In a continuation of studies on glycolytic and respiratory interrelationships in a series of rat hepatomas ranging widely in growth rate and degree of differentiation, whole, fortified homogenates of these tissues were incubated at 28°C in the presence of fructose-1,6-diphosphate (FDP), 2-deoxyglucose (2-DG), and exogenous hexokinase; respiration, lactate formation, and uptake of 2-DG were measured. Preliminary studies with this model system established that uptake of 2-DG was a valid measure of ATP formation. On the assumption that each mole of lactate formed from FDP leads to production of 2 moles of ATP via phosphoglycerate kinase and pyruvate kinase, glycolytic phosphorylation was estimated as twice that of lactate, and respiratory phosphorylation was calculated as the difference between total ATP and glycolytic ATP formation.
Without exogenous substrate, respiration was high in homogenates of well-differentiated tumors, and low in those of poorly differentiated tumors. In both tumor types respiration was coupled with ATP formation, yielding P/O ratios of 1 to 2. Addition of FDP to liver homogenates resulted in moderate lactate and glycolytic ATP formation, the latter being formed largely at the expense of respiratory phosphorylation. In homogenates of well-differentiated tumors, lactate formation and glycolytic phosphorylation were low, and neither respiration nor respiratory phosphorylation was decreased. In contrast, homogenates of the poorly differentiated hepatomas exhibited high lactate formation, and though respiration was increased somewhat by FDP addition, essentially all of the ATP was formed via glycolysis. It thus appears that, in this system, transphosphorylating enzymes of glycolysis are a major site of glycolytic control, presumably through competition with the respiratory ADP acceptors for the available ADP. Further evidence for such competition was obtained by intermixing the supernatant and particulate fractions.

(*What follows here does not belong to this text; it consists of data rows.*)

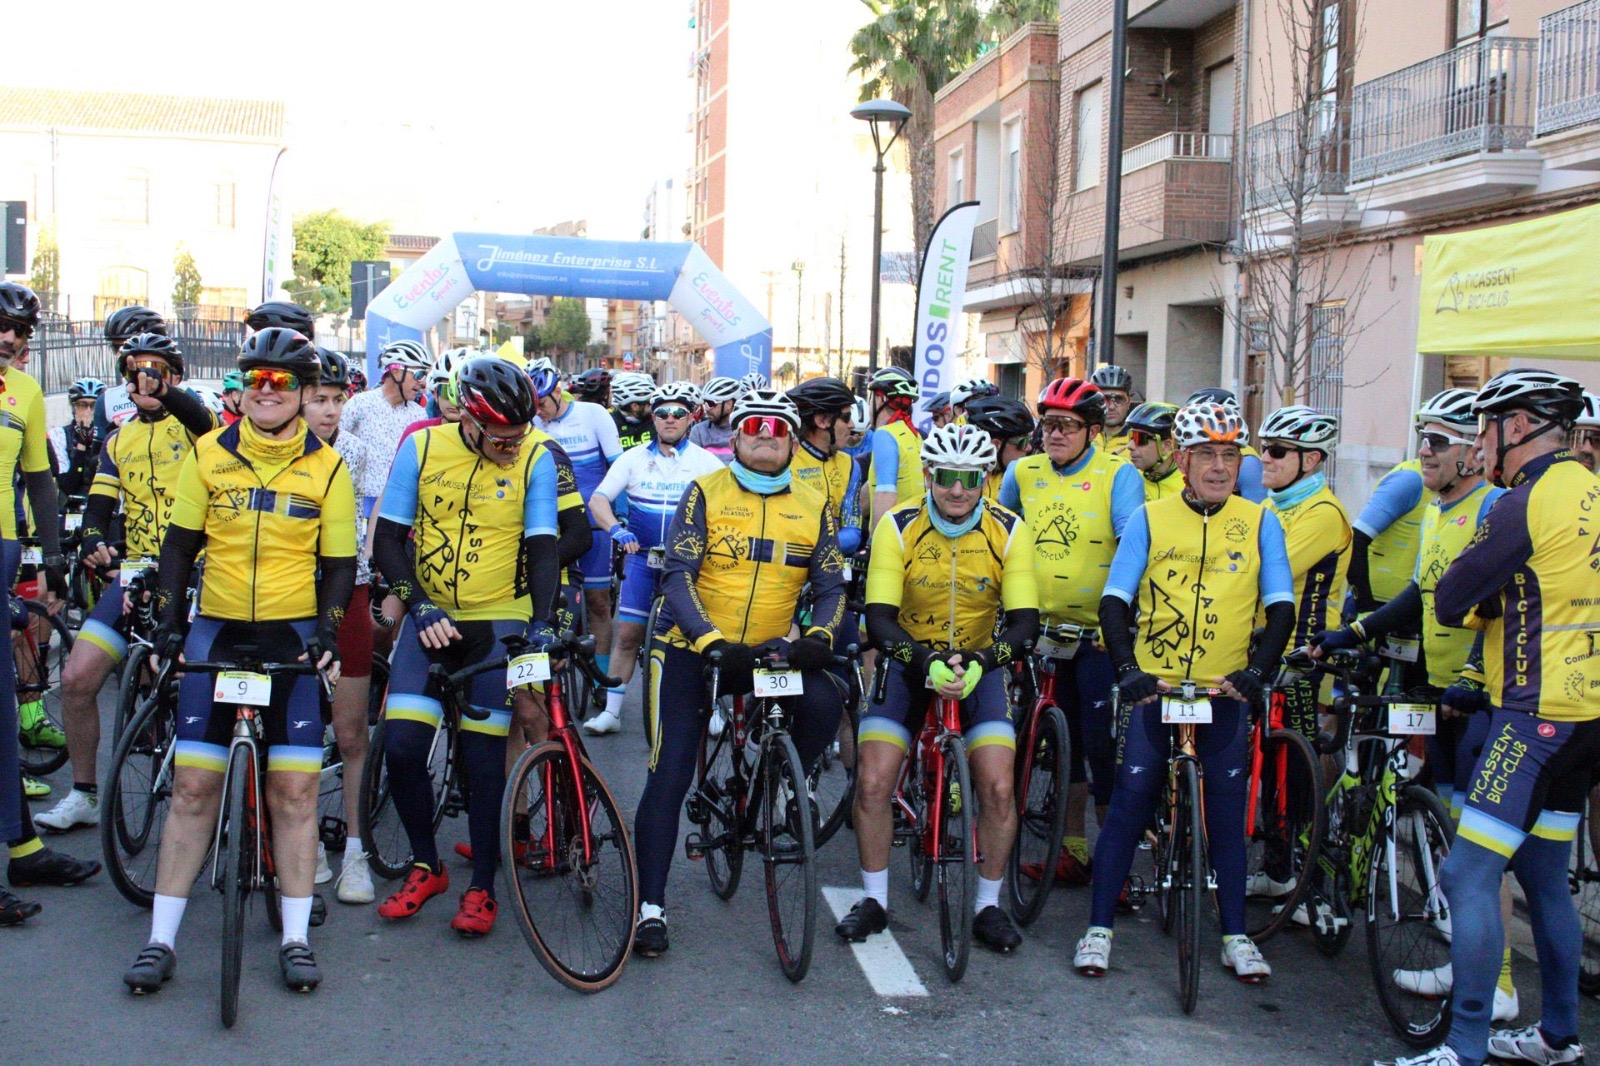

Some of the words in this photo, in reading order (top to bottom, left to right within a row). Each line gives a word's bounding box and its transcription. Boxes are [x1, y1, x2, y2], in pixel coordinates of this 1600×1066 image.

[476, 244, 549, 272] Jiménez
[552, 251, 633, 270] Enterprise
[935, 238, 958, 304] RENT
[393, 262, 449, 310] Eventos
[1464, 267, 1518, 289] PICASSENT
[691, 271, 742, 327] Eventos
[1466, 289, 1510, 311] BICI-CLUB
[423, 471, 484, 492] AMUSEMENT
[1032, 502, 1081, 532] PICASSENT
[432, 494, 483, 594] PICASSENT
[1153, 545, 1218, 565] AMUSEMENT
[706, 554, 740, 571] BICI-CLUB
[1161, 569, 1219, 670] PICASSENT
[1513, 572, 1529, 687] BICI-CLUB
[517, 662, 535, 679] 22
[769, 675, 788, 689] 30
[238, 680, 248, 696] 9
[1178, 704, 1197, 717] 11
[1284, 682, 1303, 733] BICI-CLU
[1299, 679, 1316, 741] PICASSEN
[1406, 712, 1424, 727] 17
[1468, 721, 1518, 804] PICASSENT
[1486, 740, 1528, 805] BICI-CLUB
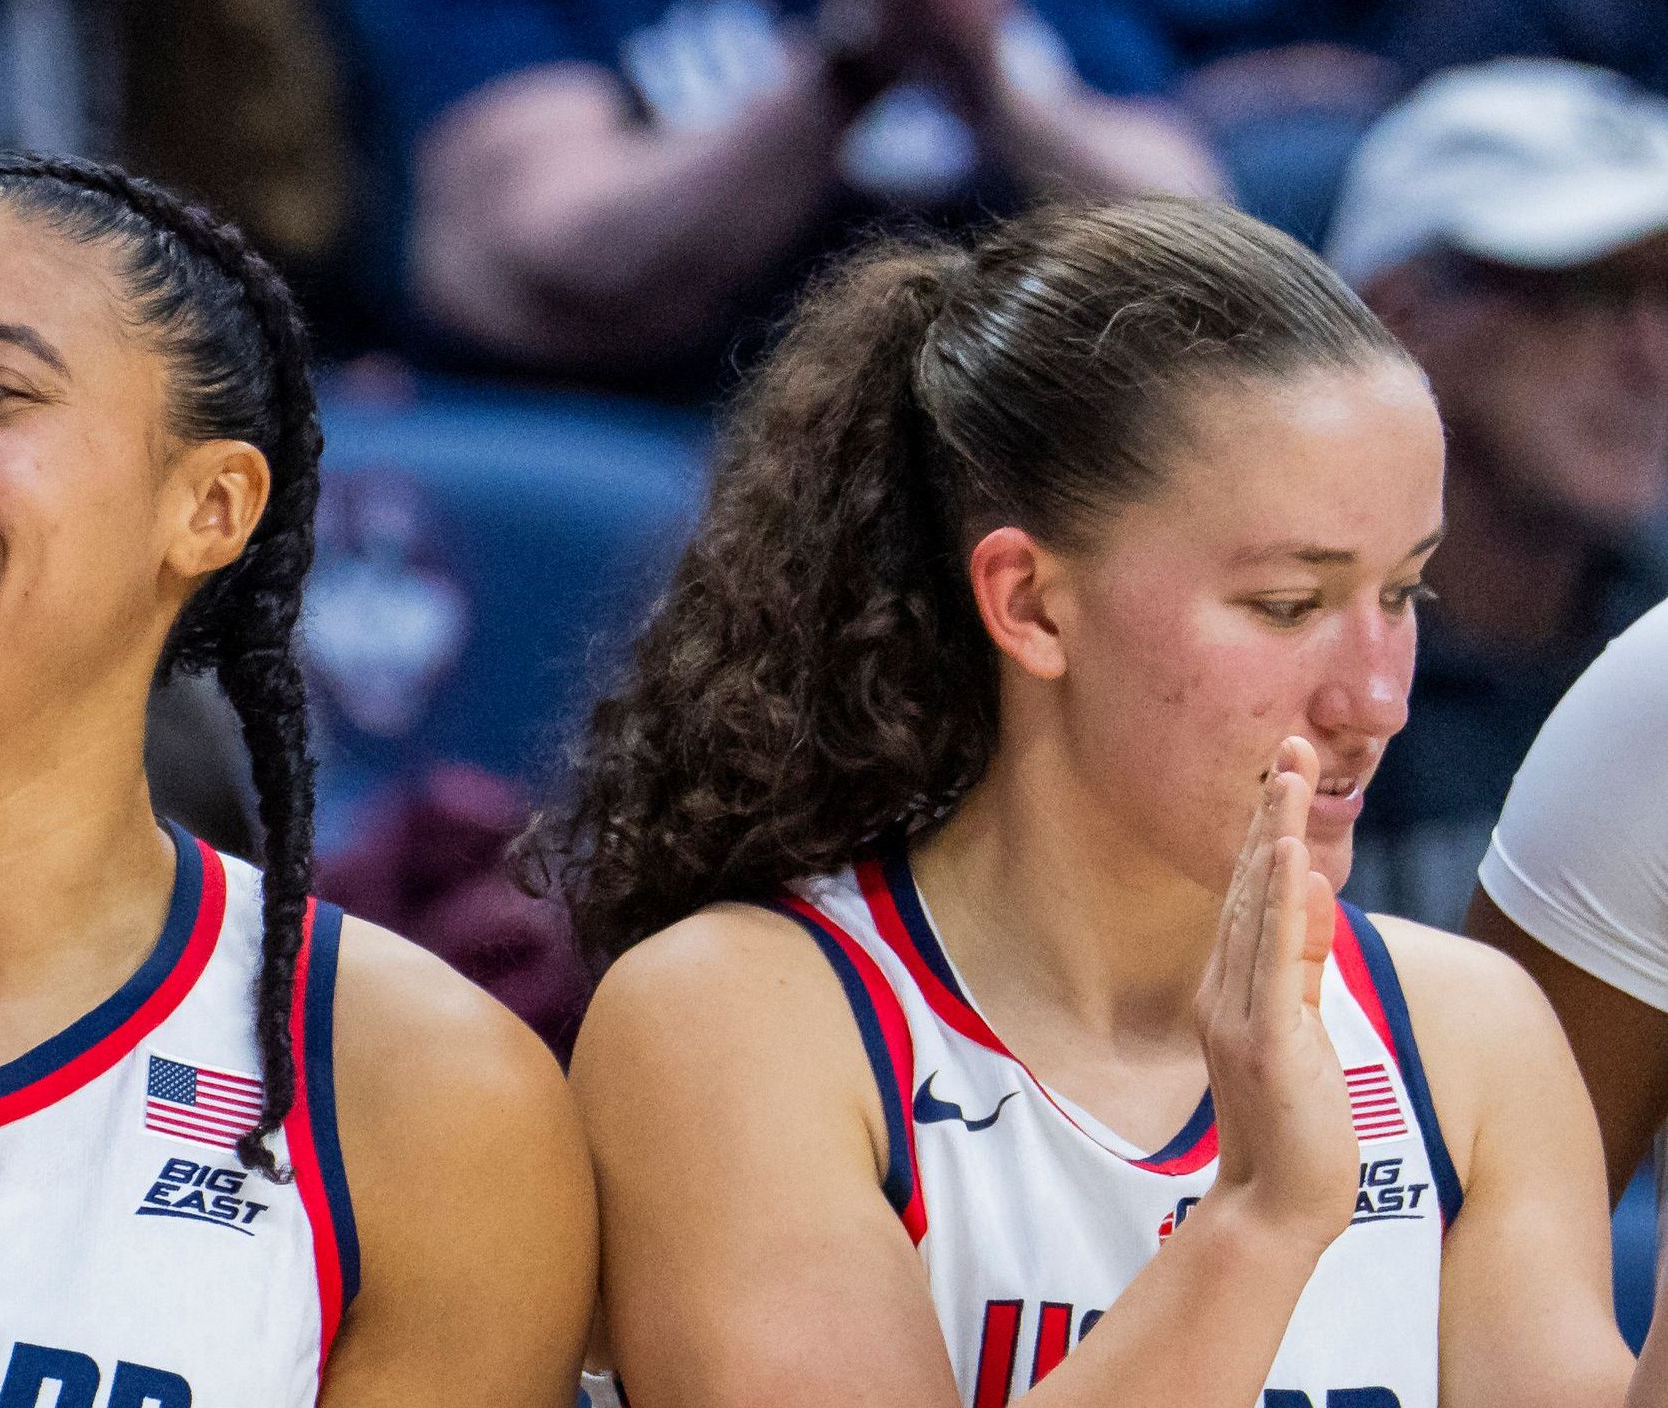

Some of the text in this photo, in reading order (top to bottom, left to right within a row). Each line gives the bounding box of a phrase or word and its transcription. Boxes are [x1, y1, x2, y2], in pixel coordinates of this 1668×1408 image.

[158, 1157, 248, 1195] BIG
[1359, 1158, 1403, 1188] IG
[143, 1181, 269, 1224] EAST
[1354, 1184, 1429, 1213] AST

Replacement of particles from a low-respiring, poorly differentiated tumor by particles from a high-respiring, well-differentiated tumor resulted in a pronounced Pasteur effect; respiration was increased, together with respiratory ATP production, while glycolysis was markedly decreased. However, when particles of a high-respiring tumor were replaced with particles of a low-respiring tumor, respiration and respiratory phosphorylation were decreased and glycolysis was markedly increased.

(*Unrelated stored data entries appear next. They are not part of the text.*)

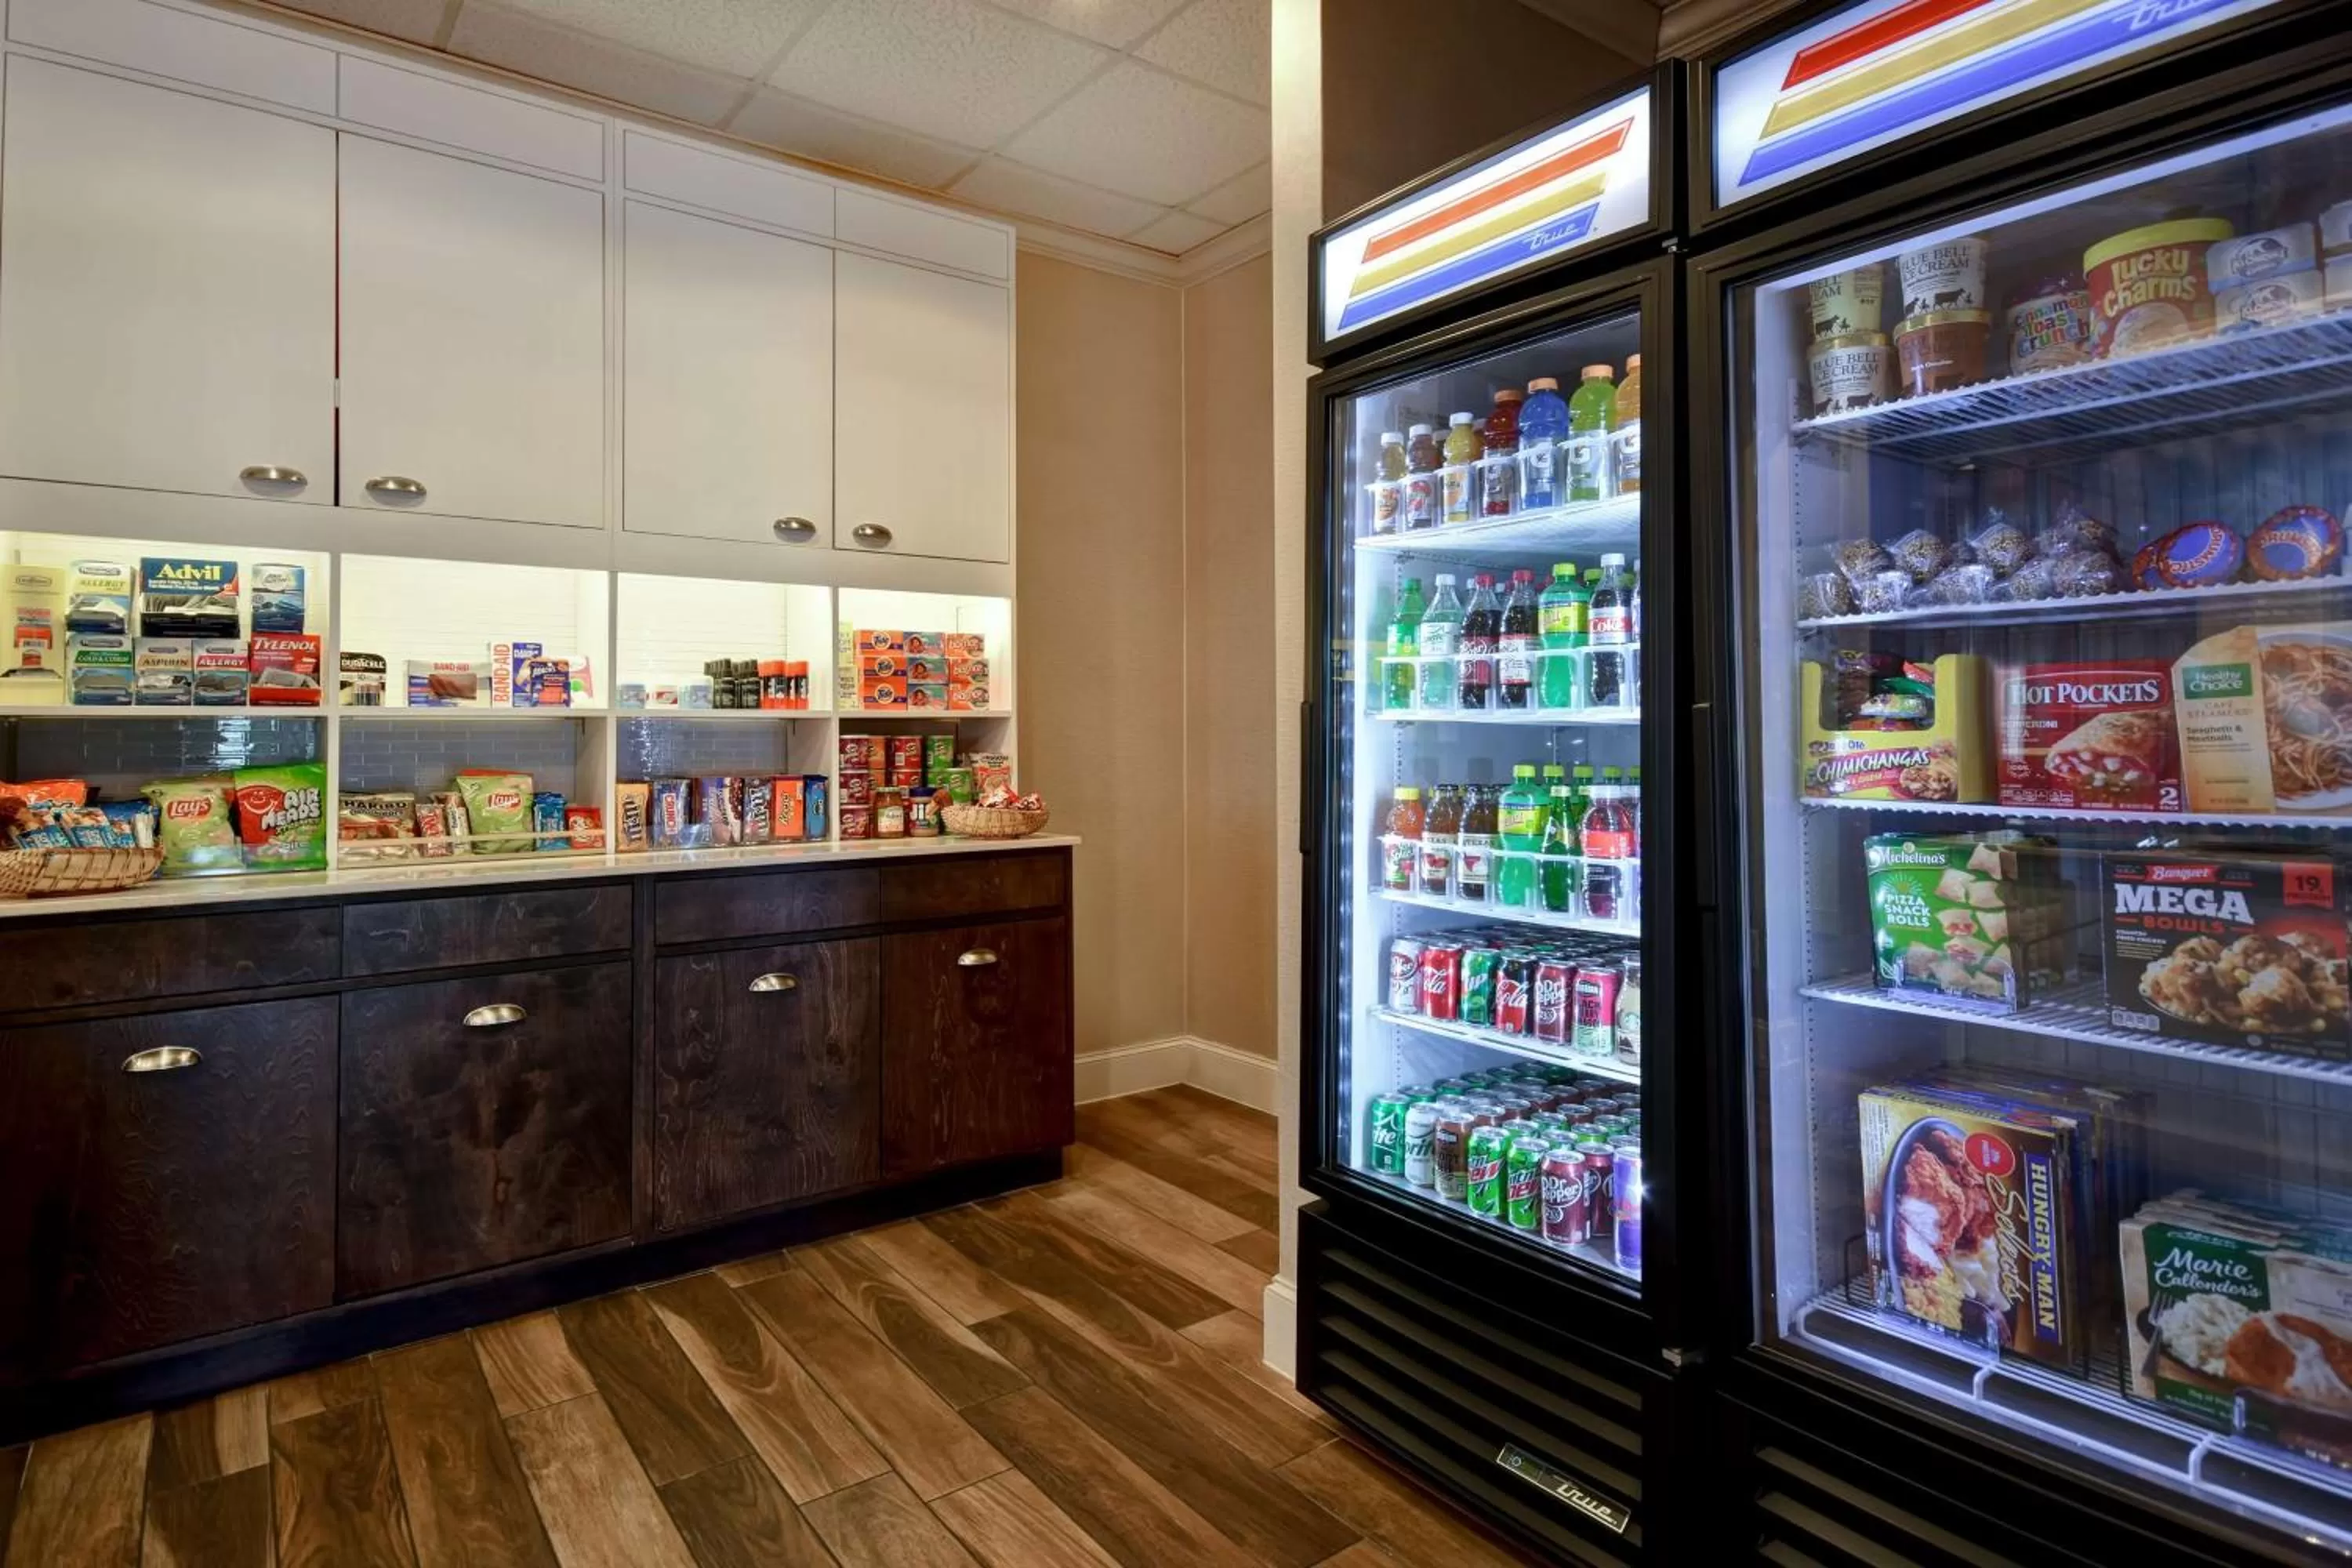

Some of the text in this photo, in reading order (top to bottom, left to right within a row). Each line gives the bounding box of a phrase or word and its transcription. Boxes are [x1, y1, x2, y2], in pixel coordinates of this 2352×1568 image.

[1846, 352, 1879, 365] BELL
[156, 563, 223, 581] Advil
[252, 637, 317, 652] TYLENOL
[493, 643, 511, 702] BAND-AID
[2056, 679, 2160, 704] POCKETS
[1817, 750, 1930, 783] CHIMICHANGAS
[284, 787, 320, 810] AIR
[343, 800, 408, 808] HARIBO
[2159, 786, 2179, 805] 2
[261, 801, 321, 831] HEADS
[1883, 903, 1932, 917] SNACK
[1886, 893, 1926, 906] PIZZA
[2113, 882, 2255, 926] MEGA
[1886, 914, 1931, 928] ROLLS
[2142, 914, 2227, 935] BOWLS
[1986, 1171, 2038, 1308] Selects
[2030, 1162, 2057, 1331] HUNGRY-MAN
[2152, 1246, 2253, 1281] Marie

These findings provide evidence for the suggestion offered many years ago by Johnson and by Lynen that the Pasteur effect may reflect competition for ADP and inorganic phosphate (P1) at the transphosphorylating sites of glycolysis and respiration. They also suggest that the high aerobic glycolysis which is, in general, characteristic of highly dedifferentiated tumors may be, in part, a resultant of their low respiratory activity and high levels of glycolytic transphosphorylating enzymes.
This study was aided by Grants AM 05487 and CA-07174 of the National Institutes of Health, USPHS, and Grant P-202 from the American Cancer Society.